The claimant sustained extensive physical injuries including complex fracture of the distal femur on the right leg, closed fracture of lateral tibia, fracture of ribs, facial scarring, injury to teeth and psychological injury.
The insurer denied liability on the basis that the motorcycle rider was the driver at fault, noting that the claimant was charged by Police with offence of overtaking/passing vehicle contrary to sign. During the questioning at the assessment conference by counsel, the insured driver confirmed that when he looked to the passenger side rear view mirror there was a blind spot. The bus CCTV confirmed the insured bus driver looked twice after turning on the left side indicator but, he did not check again before making the left turn.
The claimant submitted that liability should be accepted by the insurer and submitted that in the event contributory negligence was established, contributory negligence at most should be 35%.
Member Ford found that the insured bus driver had breached his duty of care to the claimant by not taking another look over to his left rear-view mirror prior to taking the left turn, which had resulted in the claimant sustaining personal injury/loss/damage as a result of the said breach. Member Ford found contributory negligence attributable to the claimant on the basis that the claimant had not kept a proper lookout when attempting to overtake the bus noting that the driver had activated the left indicator. Member Ford assessed contributory negligence at 60%.
Determination of Review Panel
Chandab v Allianz Australia Insurance Limited [2023] NSWPICMP 521
Panel Members: Member Belinda Cassidy, Dr Sophia Lahs, and Dr Peter Yu
MOTOR ACCIDENTS—review panel— six month period between date of accident and lower back injury complaint – radiculopathy criteria.

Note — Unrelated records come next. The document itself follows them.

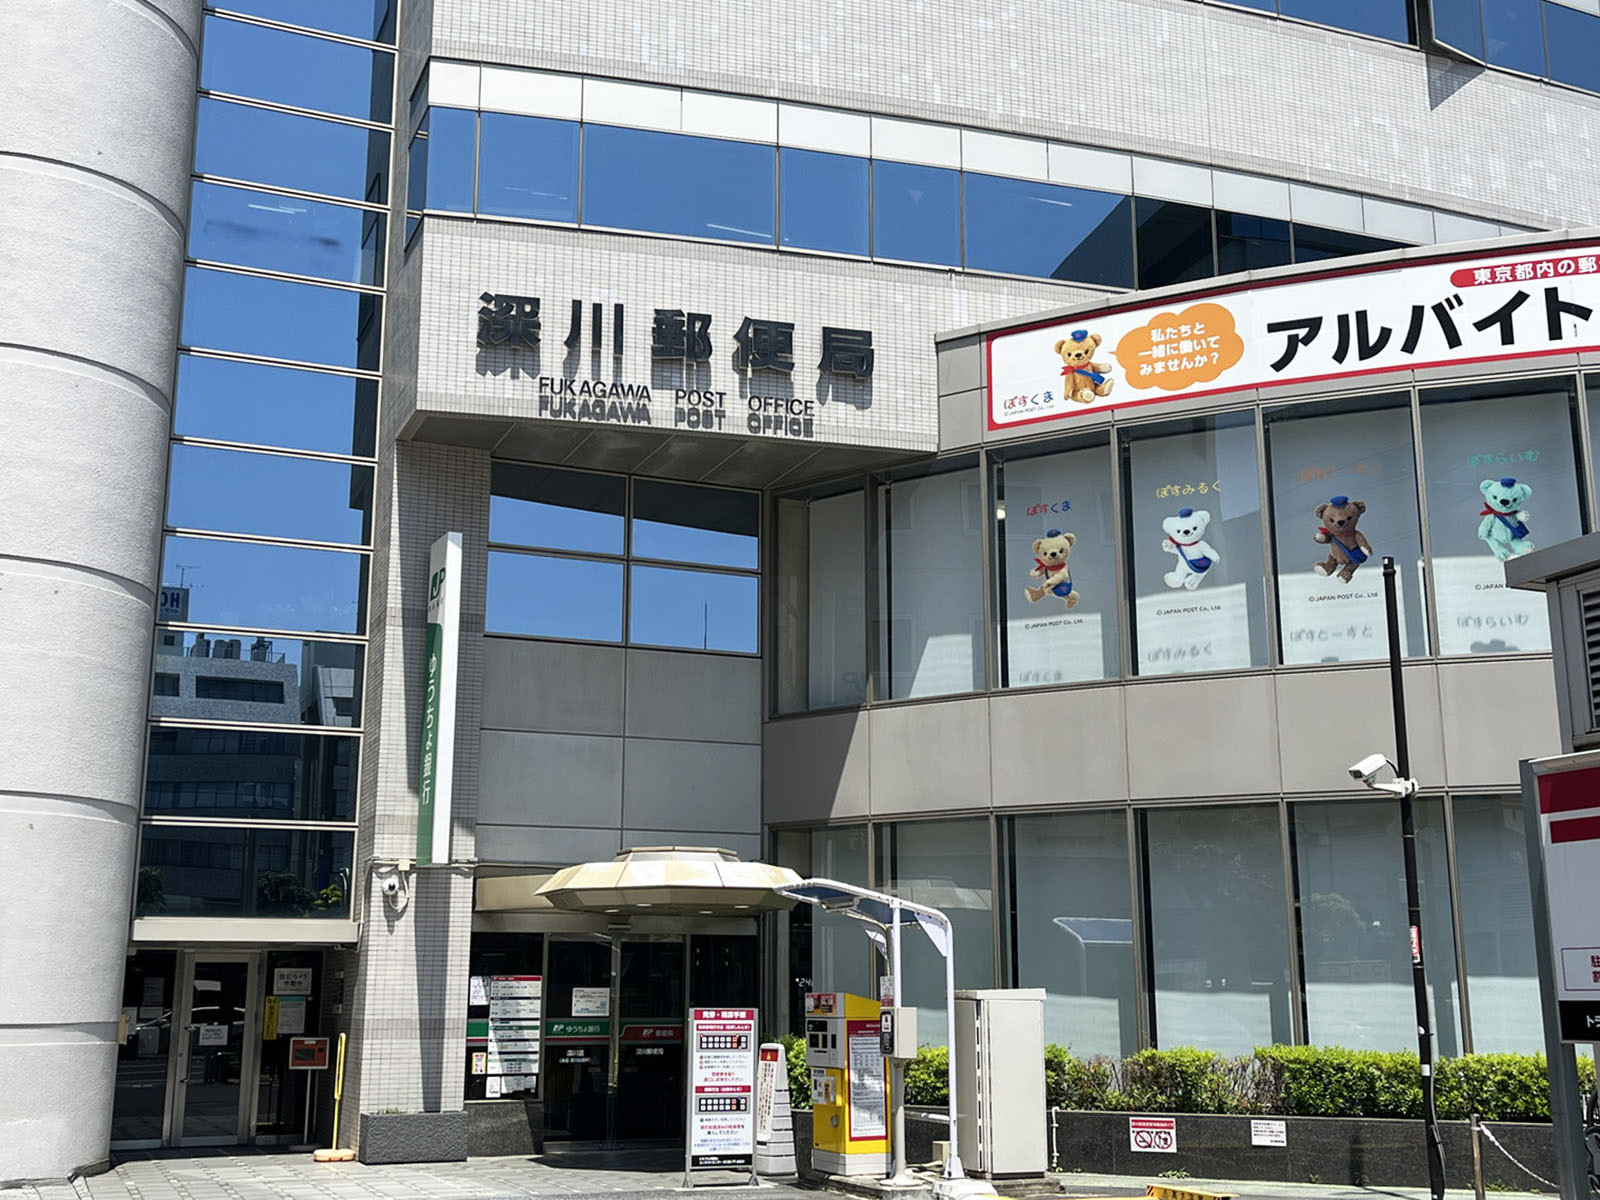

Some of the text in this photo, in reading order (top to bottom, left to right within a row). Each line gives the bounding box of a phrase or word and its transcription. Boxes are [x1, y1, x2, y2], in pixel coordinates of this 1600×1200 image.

[476, 291, 875, 379] 深川郵便局
[1151, 322, 1205, 342] 私たちと
[1267, 286, 1593, 373] アルバイト
[1138, 335, 1220, 359] 一緒に働いて
[1140, 352, 1219, 376] みませんか？
[539, 377, 815, 416] FUKAGAWA POST OFFICE
[1003, 390, 1054, 410] ぽすくま
[1156, 480, 1221, 499] ぽすみるく
[1027, 500, 1072, 517] ぽすくま
[1031, 621, 1048, 629] JAPAN
[422, 652, 437, 805] ゆうちょ銀行

On 23 September 2021, the claimant was involved in a motor accident when, as the front seat passenger in the family car driven by her husband, he swerved and lost control, rolling the vehicle. The claimant alleged she sustained injuries to her head, back and neck and developed shoulder pain and a psychological condition as a result of the accident.

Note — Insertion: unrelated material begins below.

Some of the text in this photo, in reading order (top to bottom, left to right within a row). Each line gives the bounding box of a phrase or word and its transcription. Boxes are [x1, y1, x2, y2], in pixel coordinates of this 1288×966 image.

A medical dispute arose between the parties as the insurer determined that the claimant had sustained threshold injuries. The claimant alleged she sustained L5/S1 annular tear from the accident.
At first instances, Medical Assessor Cameron determined that the annular fissure reported at L5/S1 was not caused by the accident and the claimant also did not present on the day of assessment with any signs of radiculopathy. Medical Assessor Cameron also stated that the presence of the fissure is normal amongst the general population.

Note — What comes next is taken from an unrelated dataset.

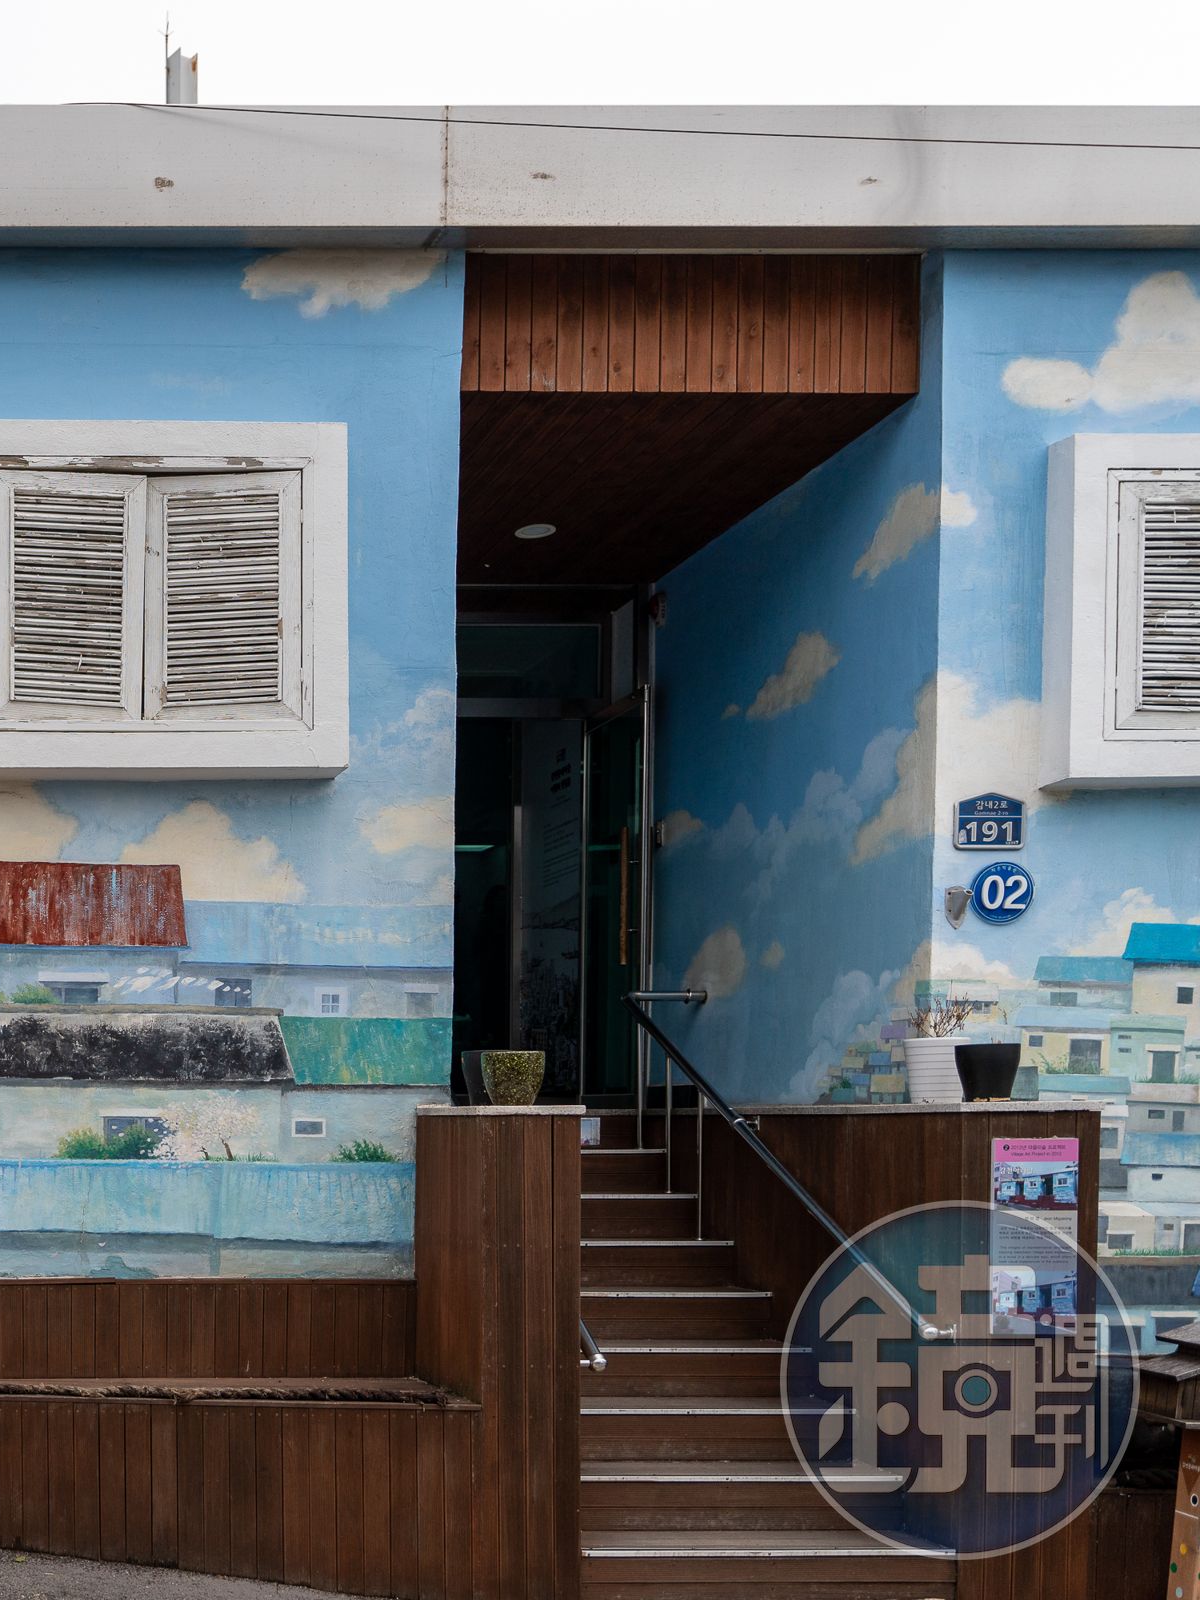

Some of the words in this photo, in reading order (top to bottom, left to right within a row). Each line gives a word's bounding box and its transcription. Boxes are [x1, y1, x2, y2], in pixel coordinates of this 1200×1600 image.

[975, 800, 1009, 810] 감내2로
[965, 820, 1013, 842] 191
[981, 874, 1029, 910] 02

The claimant sought a review of Medical Assessor Cameron’s Certificate on the basis that the Medical Assessor did not give reasons or respond to clearly articulated reasons for the annular tear.
The Panel accepted the insurer’s submissions that there were no records of lumbar spine complaints from the claimant until more six months after the accident, even though the claimant was regularly attending her GP rooms and physiotherapy. The records for the initial six months contained complaints about her neck and shoulders.
The Panel noted that MRI showed a “tiny central annulus tear with mild diffuse disc bulging” at the L5/S1 level. There was no neural compression seen. The radiological report noted “diffuse bulging” at L5/S1 and “disc desiccation”, which the Panel noted were signs of degeneration and not trauma. The clinical judgment of the medical members of the Panel was that such tiny tears (or fissures) occur in the general population with or without injury.
The Panel was not satisfied the claimant injured her lower back in the accident, and stated that as such, there was no need to consider whether she had a threshold lower back injury.